An exhibition reveals how Dr Johnson faced the prospect of dying. Kate Chisholm reports

issue 04 October 2003

The last days of the great essayist and dictionary-maker Dr Johnson were recorded in vivid detail by his biographer, James Boswell. Breathless and in pain, Johnson, aged 75, prepared himself for death with admirable courage. He had been plagued all his life by a fear of the dark, by the insomniac’s dread of not waking up; a dread made sharper by his fervent belief in Purgatory, Hell and the Day of Judgment.

For Johnson, religion was no panacea and the prospect of death was appalling. And yet, with characteristic moral strength, he also contemplated his approaching demise with rational detachment. He asked his physician, Dr Brocklesby, to tell him plainly whether or not he would recover. When told that it would take a miracle, Johnson replied, ‘Then, I will take no more physick, not even my opiates; for I have prayed that I may render up my soul to God unclouded.’

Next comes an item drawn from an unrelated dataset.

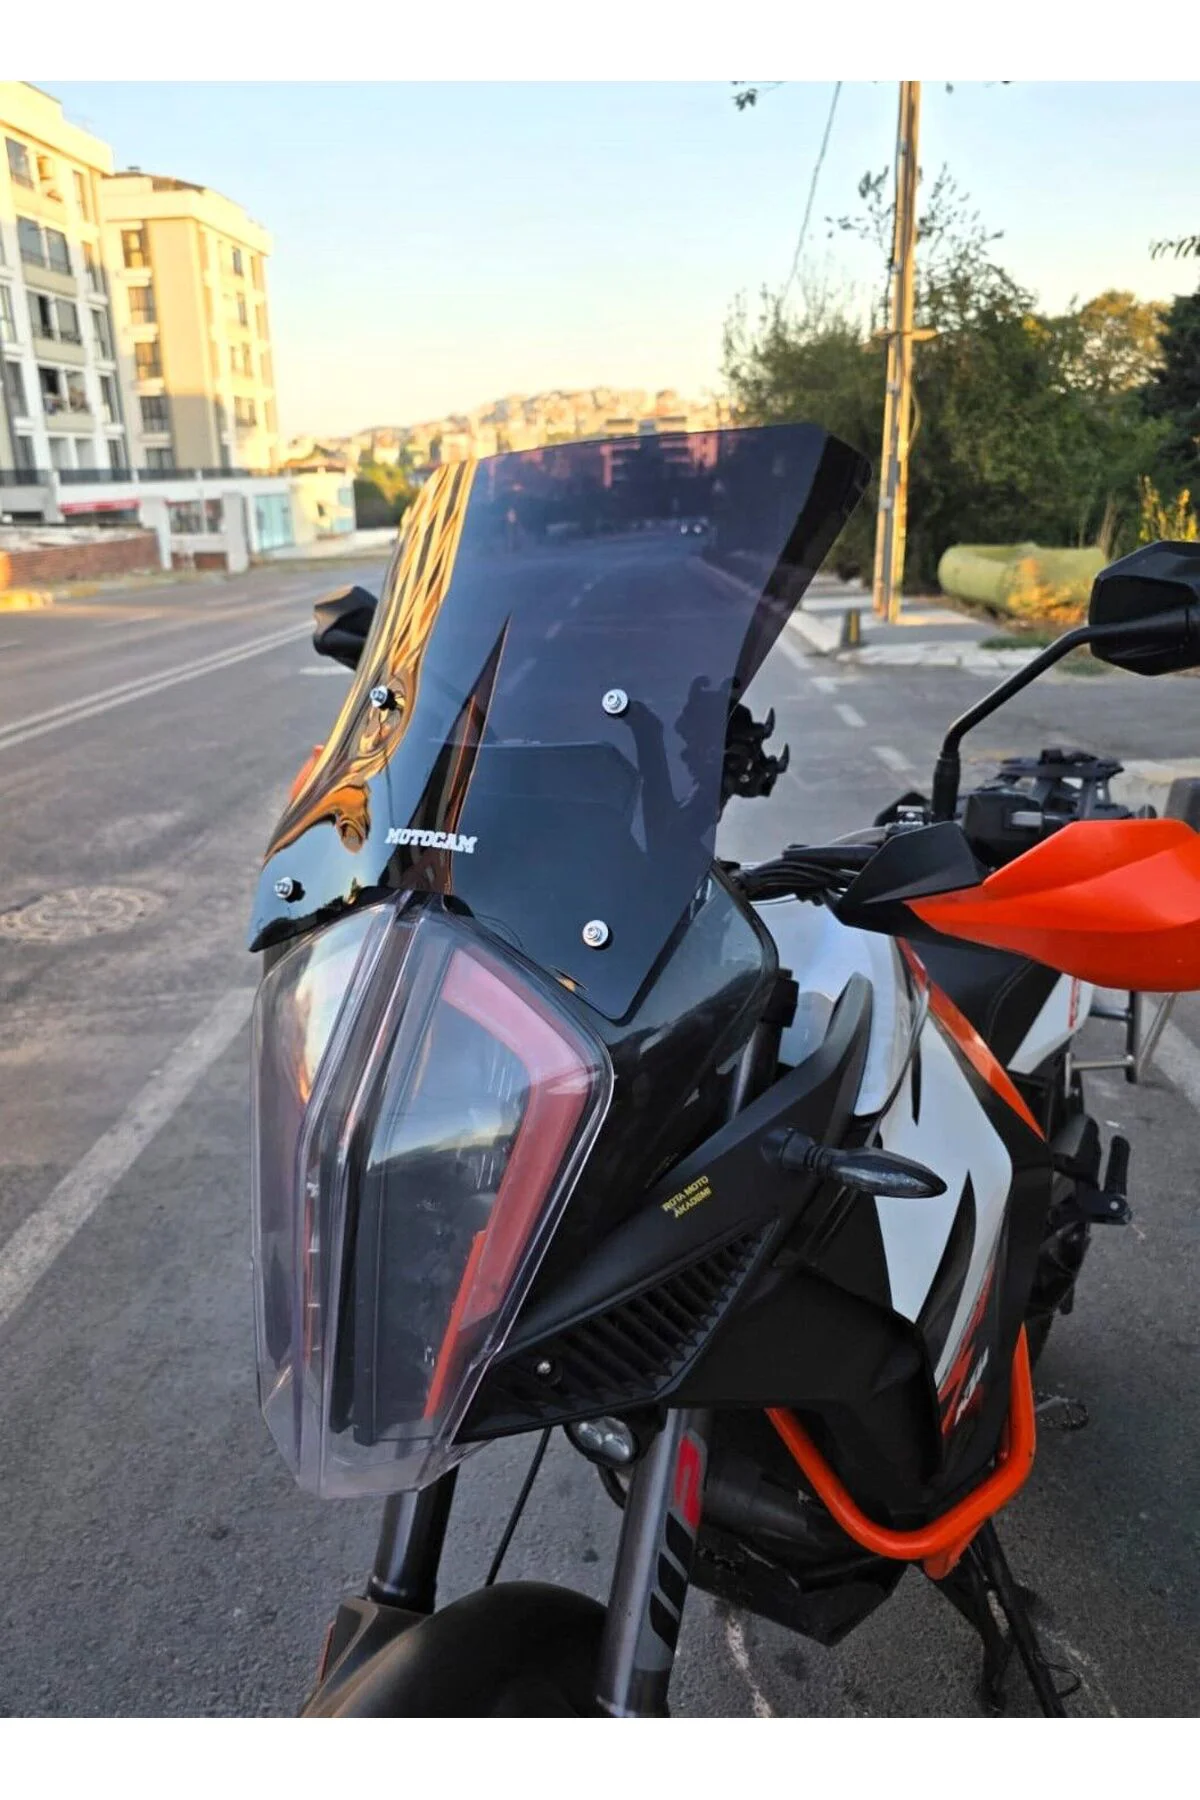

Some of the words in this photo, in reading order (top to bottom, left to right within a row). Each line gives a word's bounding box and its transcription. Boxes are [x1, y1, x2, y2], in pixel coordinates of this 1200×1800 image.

[384, 828, 478, 854] MOTOCAM
[662, 1193, 686, 1212] ROTA
[684, 1175, 709, 1195] MOTO
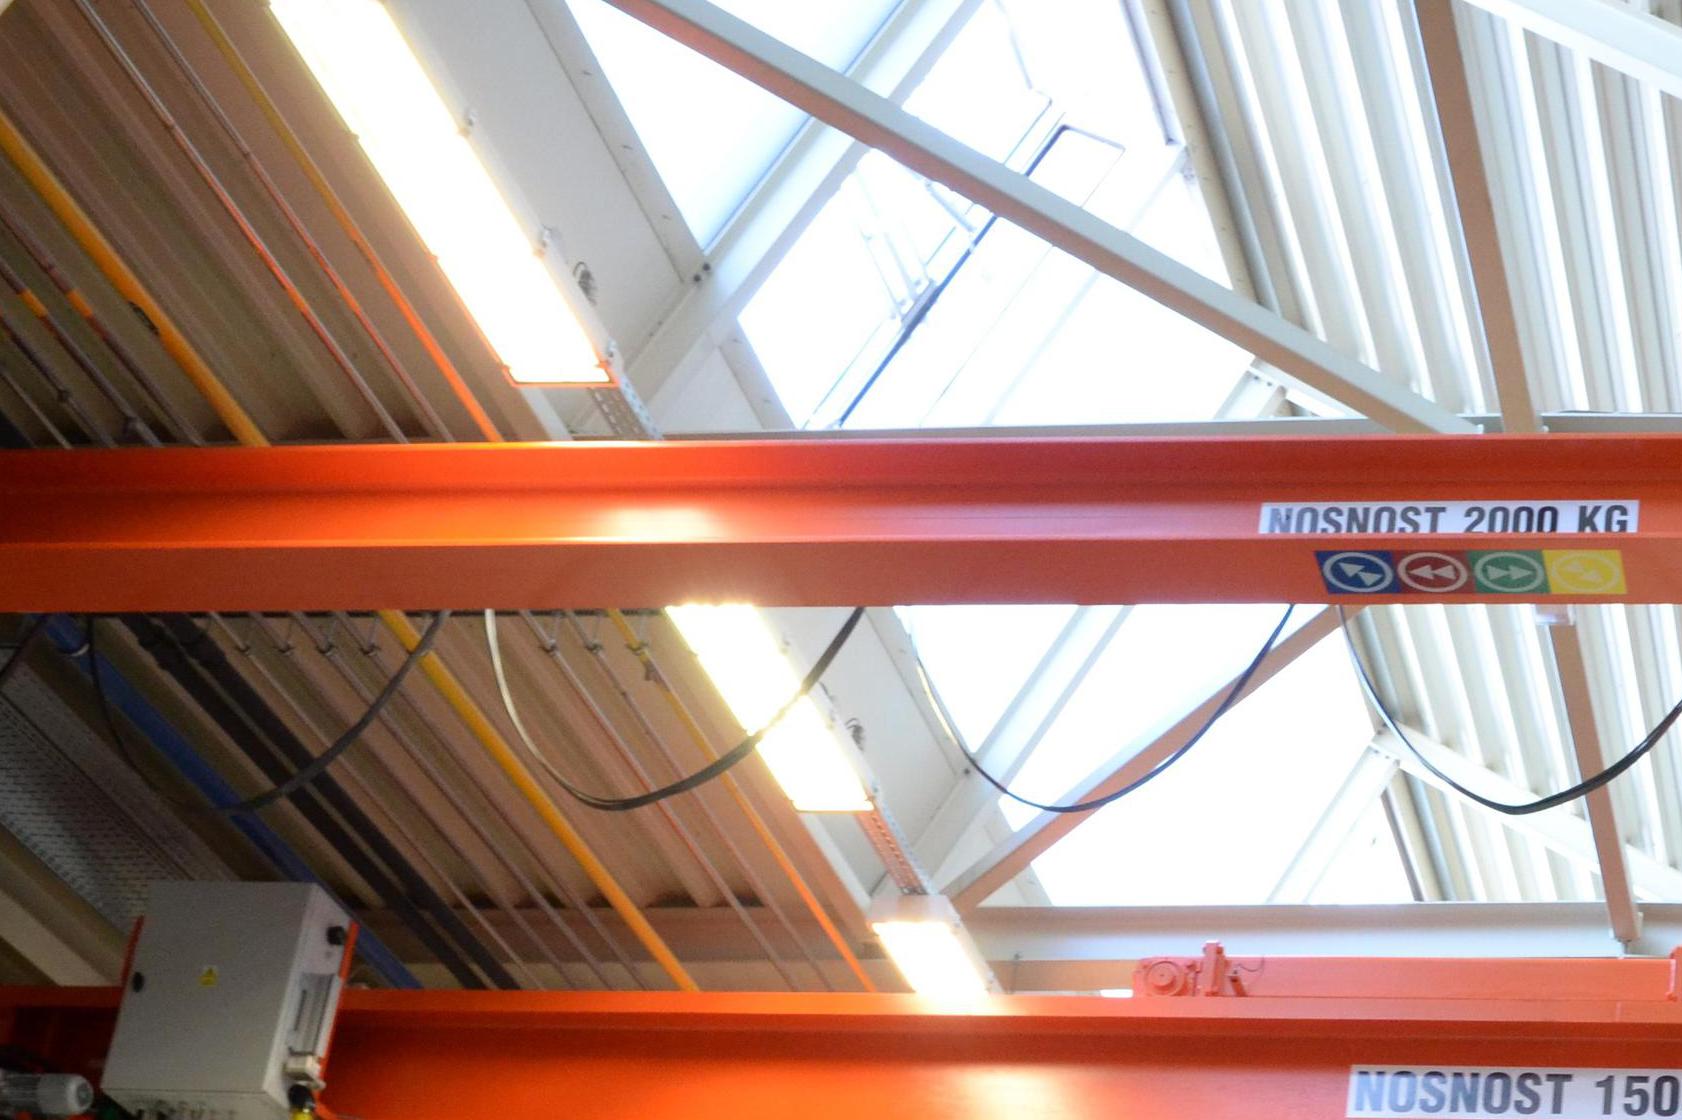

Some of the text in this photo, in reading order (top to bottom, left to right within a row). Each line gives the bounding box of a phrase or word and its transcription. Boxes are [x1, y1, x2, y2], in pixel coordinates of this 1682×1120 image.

At seven o’clock, in the deep, dank darkness of a December evening, he died, watched over by his manservant Francis Barber and by Mrs Desmoulins, the last remaining female member of his mismatched household. But, as a new exhibition at Dr Johnson’s House in London reveals, by the morning of the second day, his body had been carried down the stairs of No. 8 Bolt Court and into a waiting cart. Anyone who had followed the cart would have seen that it was driven up the Strand and beyond Covent Garden to the yard of a house in Great Windmill Street. No plaque advertised the house’s business, but this was William Hunter’s school of anatomy, where student surgeons were instructed in the art of dissection.

On display in The Tyranny of Treatment: Samuel Johnson, His Friends and Georgian Medicine is the autopsy report. We discover that the body was ‘opened’, in the presence of his surgeon William Cruikshank and other doctors who had witnessed Johnson’s last illness.